Após diversas manifestações dentro da Suécia de profanação do Alcorão, o livro sagrado do islã, diversos países de maioria muçulmana tem criticado as posições de Estocolmo sobre o assunto, gerando um estresse diplomático entre nações do mundo árabe e o país nórdico.

Arábia Saudita, Irã e Qatar optaram por convocar os embaixadores suecos para esclarecimentos. O já havia expulsado o embaixador sueco na quinta-feira, 20, além de pedir a volta do encarregado de negócios do país na Suécia.

Milhares de pessoas foram as ruas nesta sexta-feira, 21, no Iraque ,Irã e Líbano para denunciar a profanação do Alcorão na Suécia. Convocados pelo influente líder religioso iraquiano Moqtada Sadr, centenas de pessoas protestaram nesta sexta-feira em Bagdá após a oração de sexta-feira.

Em Teerã, centenas de manifestantes saíram às ruas carregando bandeiras iranianas e cópias do Alcorão, cantando “Abaixo os EUA, Reino Unido, e Suécia”. Alguns também incendiaram bandeiras suecas.

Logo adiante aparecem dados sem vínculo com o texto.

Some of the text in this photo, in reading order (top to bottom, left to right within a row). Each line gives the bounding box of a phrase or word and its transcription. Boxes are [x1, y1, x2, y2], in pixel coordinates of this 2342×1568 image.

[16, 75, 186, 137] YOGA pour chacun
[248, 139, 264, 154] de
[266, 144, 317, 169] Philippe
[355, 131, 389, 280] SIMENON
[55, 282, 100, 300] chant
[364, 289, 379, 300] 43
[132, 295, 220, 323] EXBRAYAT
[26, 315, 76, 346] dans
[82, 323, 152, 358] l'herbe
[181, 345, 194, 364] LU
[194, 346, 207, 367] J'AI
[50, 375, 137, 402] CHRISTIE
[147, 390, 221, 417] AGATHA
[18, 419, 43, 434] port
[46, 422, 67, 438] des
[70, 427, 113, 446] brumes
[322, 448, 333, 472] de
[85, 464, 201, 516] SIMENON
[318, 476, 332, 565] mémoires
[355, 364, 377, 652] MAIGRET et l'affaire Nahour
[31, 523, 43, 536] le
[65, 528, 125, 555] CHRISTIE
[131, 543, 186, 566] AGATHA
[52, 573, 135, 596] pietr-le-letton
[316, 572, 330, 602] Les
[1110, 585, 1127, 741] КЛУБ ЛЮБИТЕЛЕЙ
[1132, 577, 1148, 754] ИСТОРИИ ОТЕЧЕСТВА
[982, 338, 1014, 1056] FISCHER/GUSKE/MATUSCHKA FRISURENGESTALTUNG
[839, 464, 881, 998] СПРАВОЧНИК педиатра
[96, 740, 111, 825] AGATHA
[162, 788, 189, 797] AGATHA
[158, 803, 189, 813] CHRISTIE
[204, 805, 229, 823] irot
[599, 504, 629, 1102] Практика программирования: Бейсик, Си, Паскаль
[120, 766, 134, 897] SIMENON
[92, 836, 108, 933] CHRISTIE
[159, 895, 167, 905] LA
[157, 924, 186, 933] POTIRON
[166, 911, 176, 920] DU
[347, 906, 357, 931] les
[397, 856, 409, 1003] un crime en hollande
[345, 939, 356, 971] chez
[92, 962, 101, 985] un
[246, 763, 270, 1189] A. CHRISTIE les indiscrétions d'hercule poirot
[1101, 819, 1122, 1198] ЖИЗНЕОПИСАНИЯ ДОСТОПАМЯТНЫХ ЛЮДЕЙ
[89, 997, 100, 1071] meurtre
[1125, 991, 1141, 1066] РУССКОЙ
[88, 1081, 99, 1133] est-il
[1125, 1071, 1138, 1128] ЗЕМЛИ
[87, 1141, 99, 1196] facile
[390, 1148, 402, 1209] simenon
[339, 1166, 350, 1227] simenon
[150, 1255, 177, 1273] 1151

Corpo diplomático volta a Estocolmo

O Ministério das Relações Exteriores da Suécia anunciou que havia repatriado temporariamente sua embaixada em Bagdá para Estocolmo por razões de segurança. “Os funcionários chegaram a Suécia e devem continuar no país por questões de segurança”, afirmou um porta-voz.

Na quinta-feira, a embaixada do país nórdico foi invadida por manifestantes em Bagdá, que também provocaram um pequeno incêndio no local. iraquianos apagaram as chamas no local e policiais dispersaram os manifestantes.

O primeiro-ministro iraquiano, Shia al-Sudani, disse que as autoridades iraquianas também irão responsabilizar os invasores da embaixada.

Profanações do Alcorão

Estocolmo foi palco de duas profanações recentes do Alcorão, a primeira no final de junho e a última na quinta-feira, ambas envolvendo um refugiado iraquiano, Salwan Momika, 37.

O porta-voz da polícia de Estocolmo, Mats Eriksson, confirmou que a polícia concedeu permissão para uma manifestação envolvendo duas pessoas do lado de fora da embaixada iraquiana em Estocolmo na quinta-feira. Ele não sabia dizer se os manifestantes planejavam queimar o Alcorão.

O direito de realizar manifestações deste tipo é protegido pela Constituição. A polícia geralmente dá permissão com base na crença de que uma manifestação pública pode ser realizada sem grandes interrupções ou riscos à segurança pública.

No entanto, para os muçulmanos, a queima do Alcorão representa uma profanação blasfema do texto sagrado de sua religião. As queimas do Alcorão no passado provocaram protestos em todo o mundo muçulmano. No Afeganistão, o Talibã suspendeu todas as atividades das organizações suecas no país em resposta à recente queima do Alcorão.